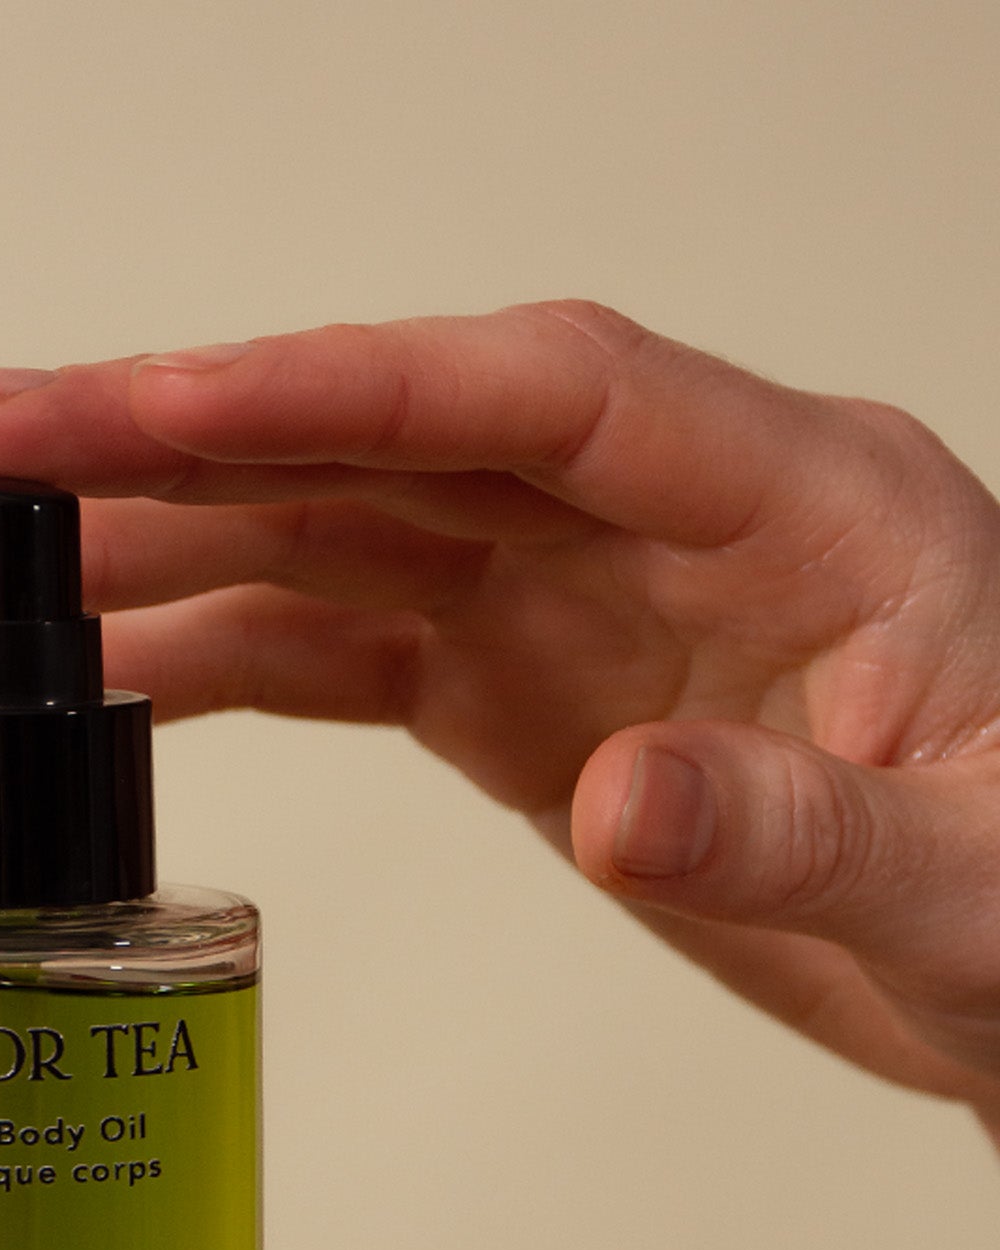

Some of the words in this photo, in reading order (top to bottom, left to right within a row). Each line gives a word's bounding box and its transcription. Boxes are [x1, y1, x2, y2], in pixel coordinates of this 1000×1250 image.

[90, 1019, 198, 1079] TEA
[100, 1112, 147, 1142] Oil
[72, 1157, 162, 1186] corps
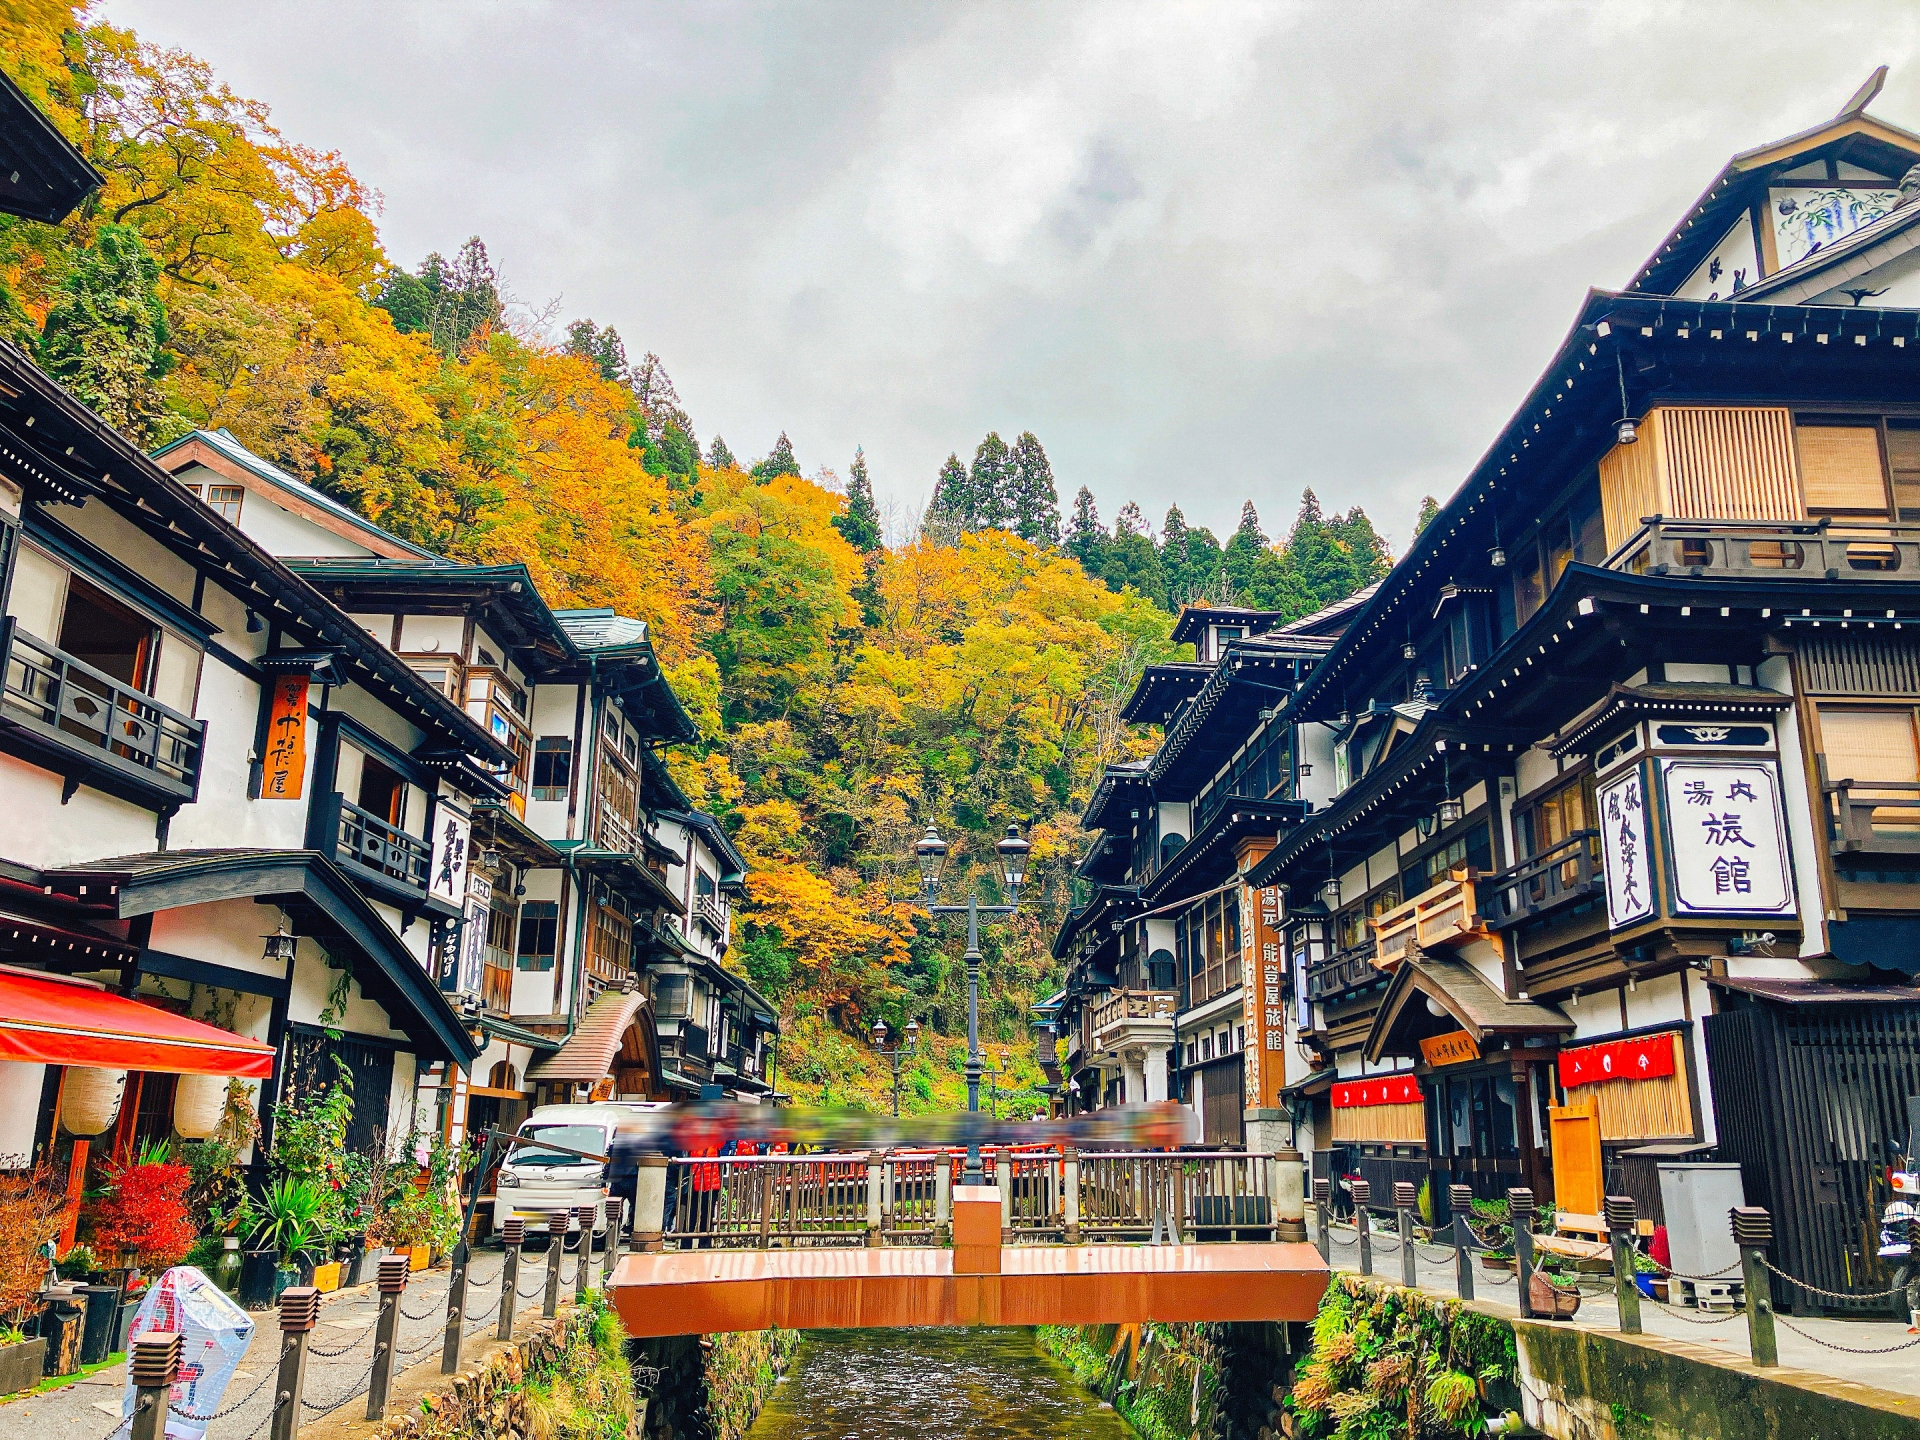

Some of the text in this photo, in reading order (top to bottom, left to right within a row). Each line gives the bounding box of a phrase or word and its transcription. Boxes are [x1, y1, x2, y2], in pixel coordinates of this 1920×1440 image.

[269, 711, 301, 794] やなだ屋
[1681, 779, 1758, 806] 内湯
[1701, 812, 1756, 895] 旅館
[1261, 886, 1283, 1051] 湯元 能登屋旅館

**Directions for this task:**
An exact copy of the entries above, with no pictures, is the required answer.

**Task answer:**
Some of the words in this photo, in reading order (top to bottom, left to right within a row). Each line gives a word's bounding box and its transcription. Boxes are [x1, y1, x2, y2], in pixel coordinates of this 1000×1250 image.

[90, 1019, 198, 1079] TEA
[100, 1112, 147, 1142] Oil
[72, 1157, 162, 1186] corps

Some of the text in this photo, in reading order (top to bottom, left to right within a row). Each line gives the bounding box of a phrase or word and its transcription. Boxes are [x1, y1, x2, y2], in pixel coordinates of this 1920×1440 image.

[269, 711, 301, 794] やなだ屋
[1681, 779, 1758, 806] 内湯
[1701, 812, 1756, 895] 旅館
[1261, 886, 1283, 1051] 湯元 能登屋旅館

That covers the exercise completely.